Wednesday, 2 June 2010

Oliver Cromwell: Politics and Religion in the English Revolution, 1640-1658, David L. Smith Cambridge University Press, 1991, 120pp.,

" Do not trust to the cheering, for those very persons would shout as much if you and I were going to be hanged'. Oliver Cromwell.

"I do not know whether you have been alive or dead. I have not heard you all this time; I have not … Instead of peace and settlement, instead of mercy and truth being brought together, righteousness and peace are kissing each other . . . weeds and nettles, briers and thorns, have thriven under your shadow!"[1]
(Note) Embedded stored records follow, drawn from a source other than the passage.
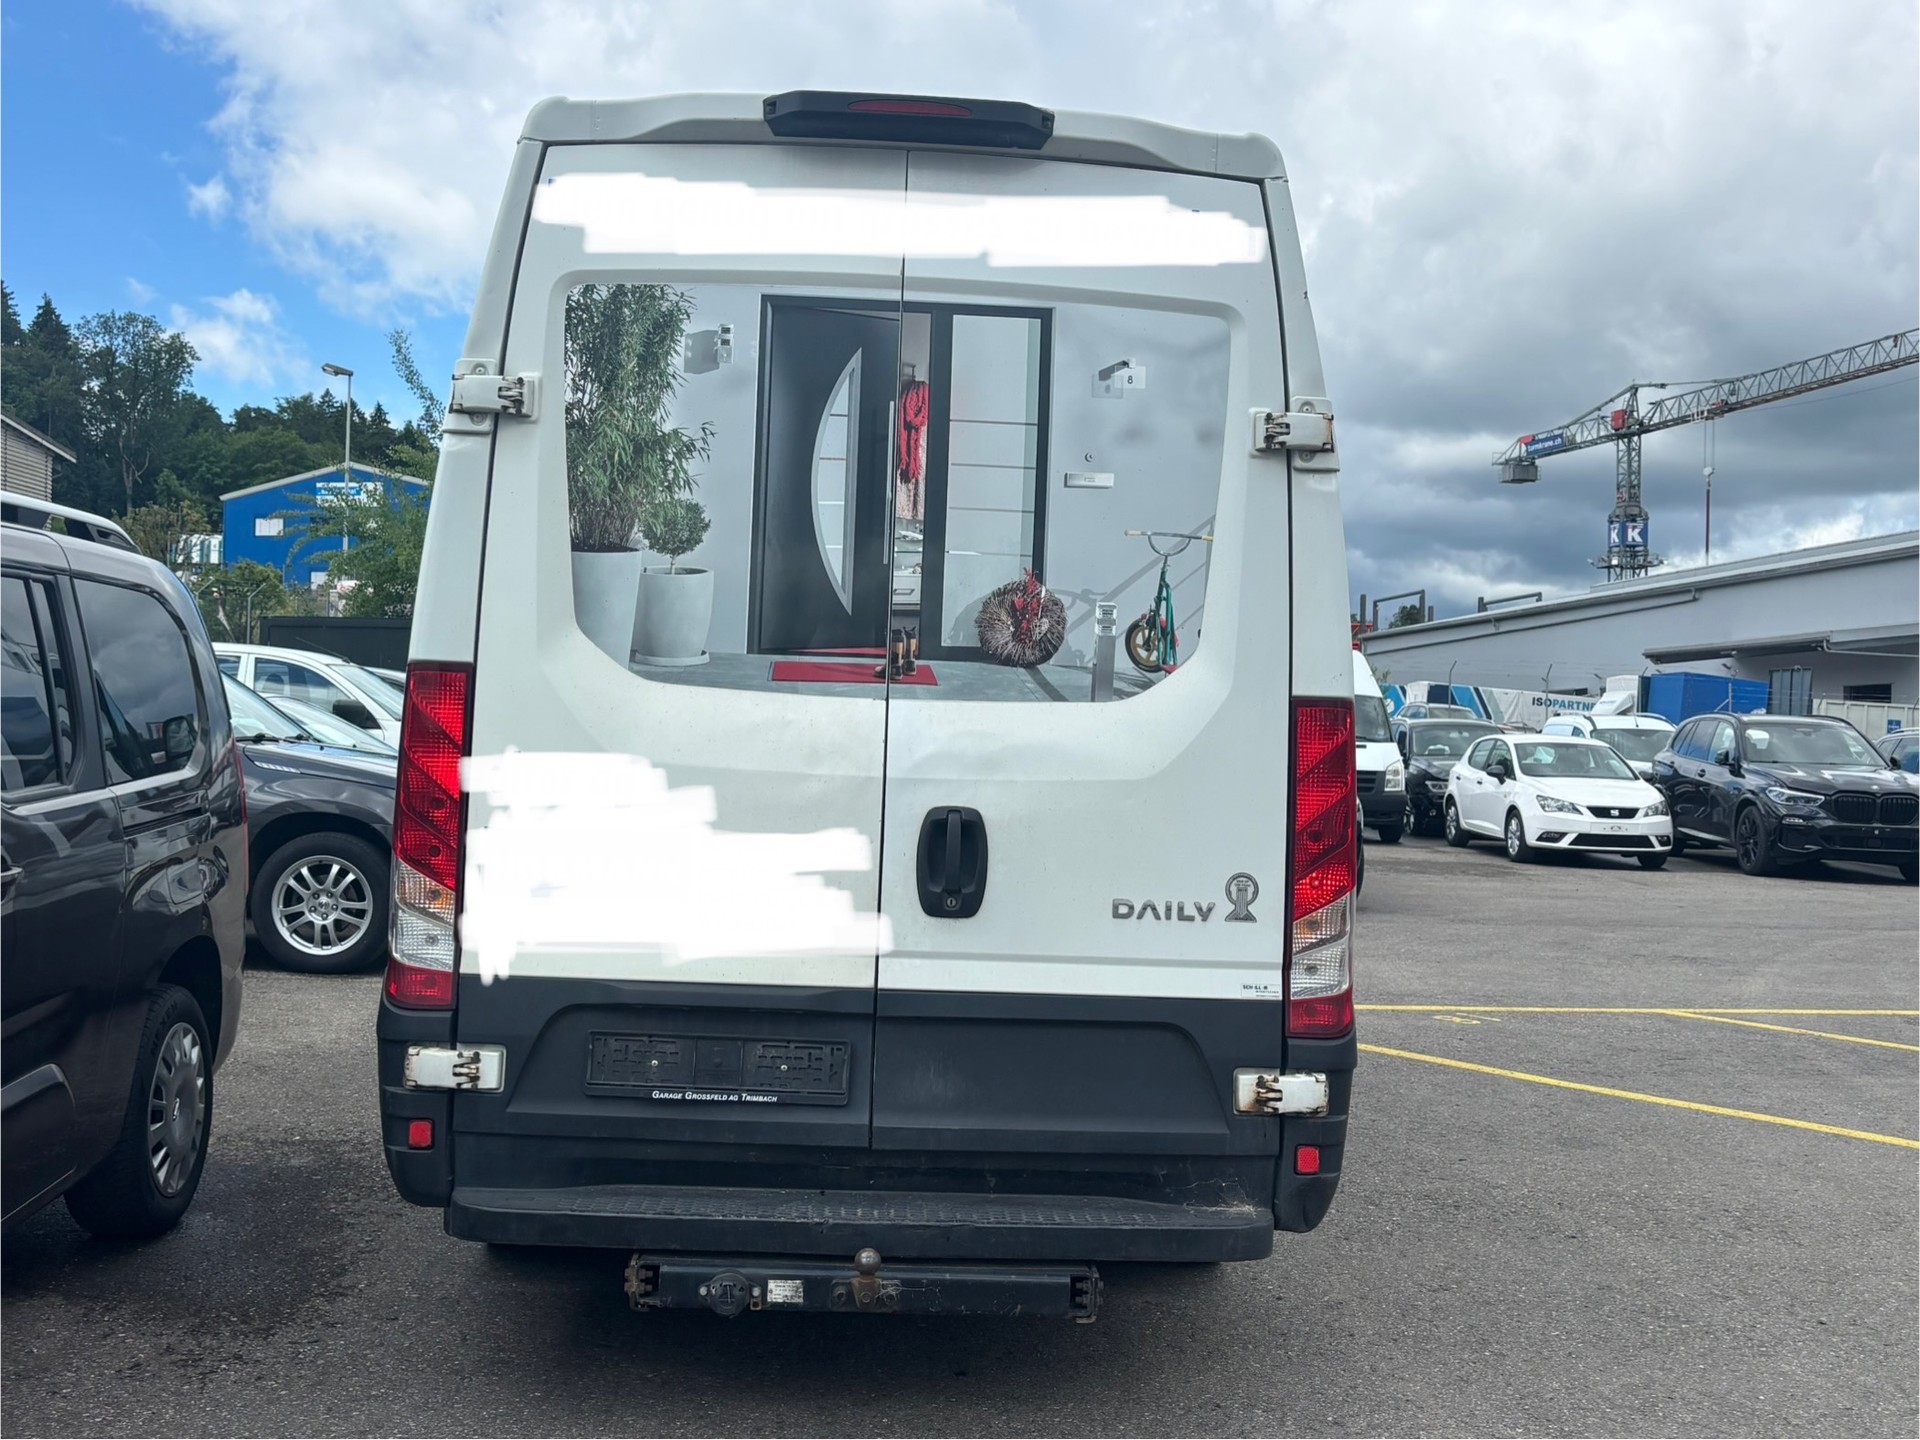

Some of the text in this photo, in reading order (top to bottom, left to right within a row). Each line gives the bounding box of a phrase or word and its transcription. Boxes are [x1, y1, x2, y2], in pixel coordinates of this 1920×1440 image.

[1127, 375, 1134, 385] 8
[1627, 525, 1643, 542] K
[1112, 898, 1215, 922] DAILY
[652, 1090, 778, 1103] GARAGE GROSSFELD AG TRIMBACH
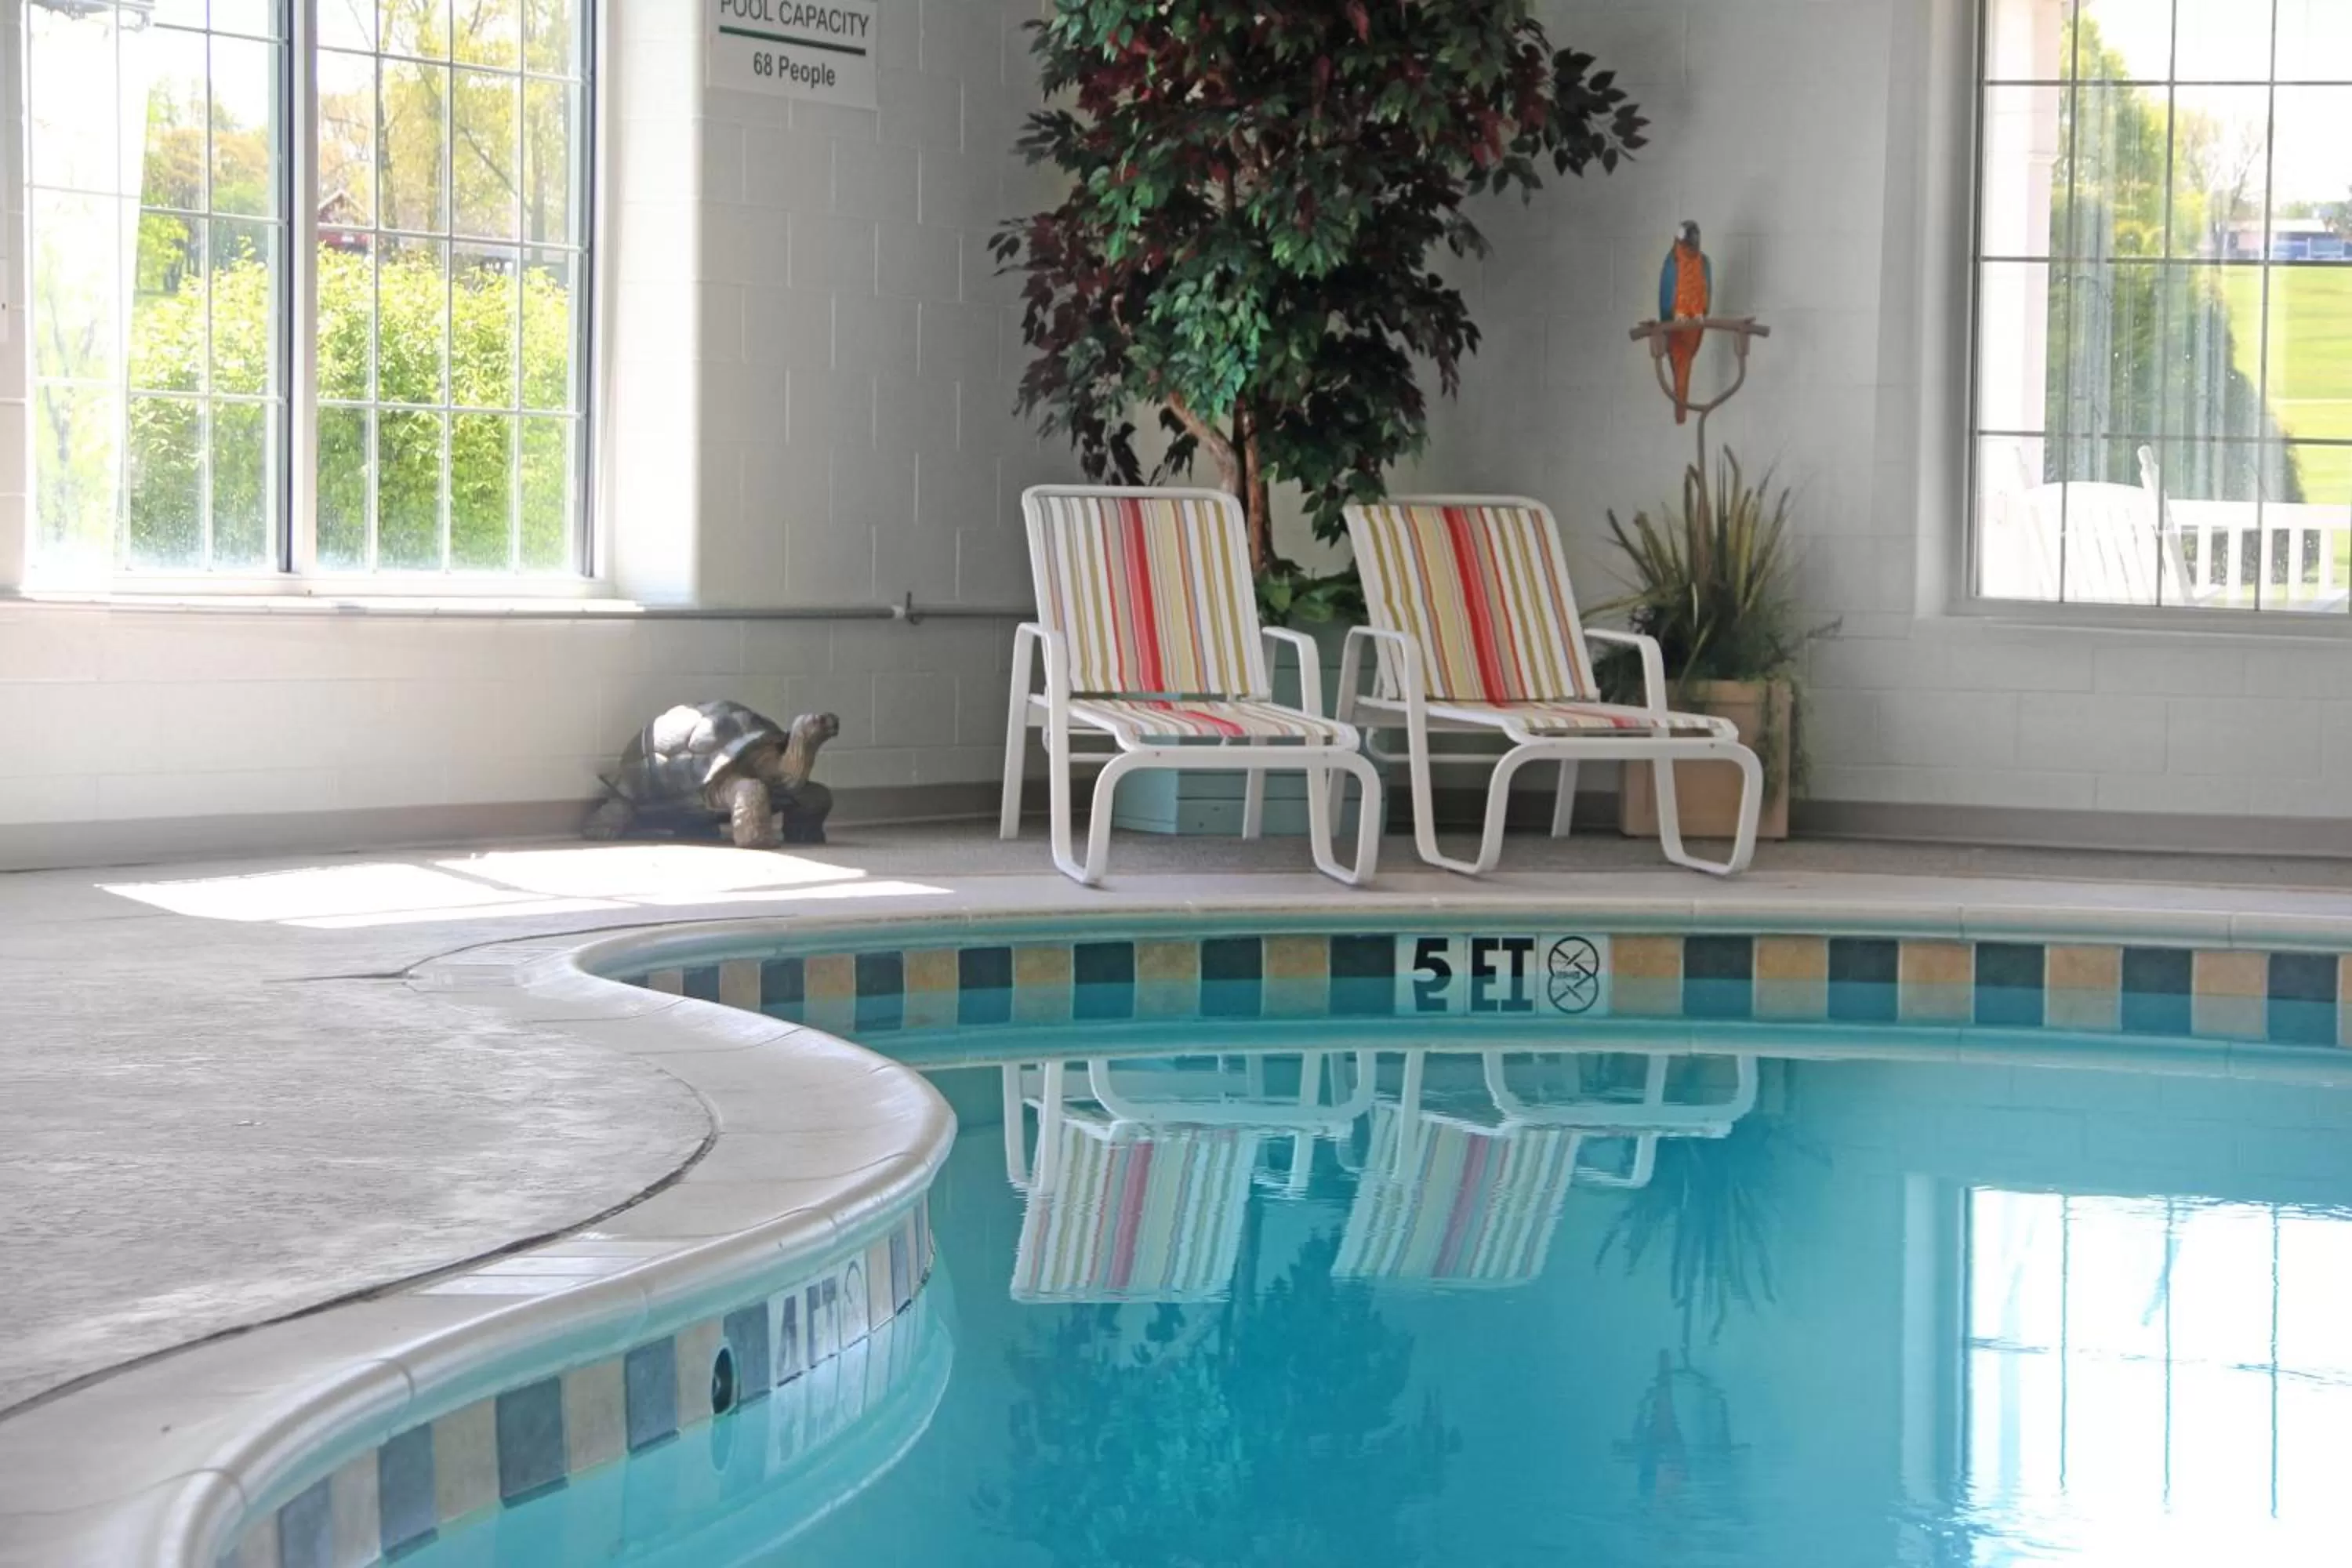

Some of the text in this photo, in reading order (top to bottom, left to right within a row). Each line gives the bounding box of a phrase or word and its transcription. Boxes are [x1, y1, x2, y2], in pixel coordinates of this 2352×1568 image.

A good biography of  Oliver Cromwell should be to do what  Thomas Carlyle did and "drag out the Lord Protector from under a mountain of dead dogs, a huge load of calumny and oblivion".

David L Smith's short and handsomely illustrated book does this to a certain extent. Smith's job is not an easy one as over the centuries Cromwell's reputation has suffered more than most of calumny and oblivion.
It is, therefore, a little surprising in 2002 the Lord Protector was voted 10th Greatest Briton after John Lennon and Horatio Nelson. His statue still sits outside Parliament. Given Cromwell's celebrity status.  it is still a little disconcerting to find that it is possible to go through all phases of the UK education system and not be taught who Cromwell was.

According to one writer "The National Curriculum at no point prescribes that Cromwell be studied, and the range of GCSE and A level options also mean that a positive decision has to be taken to teach on the subject, it does not happen as a matter of course".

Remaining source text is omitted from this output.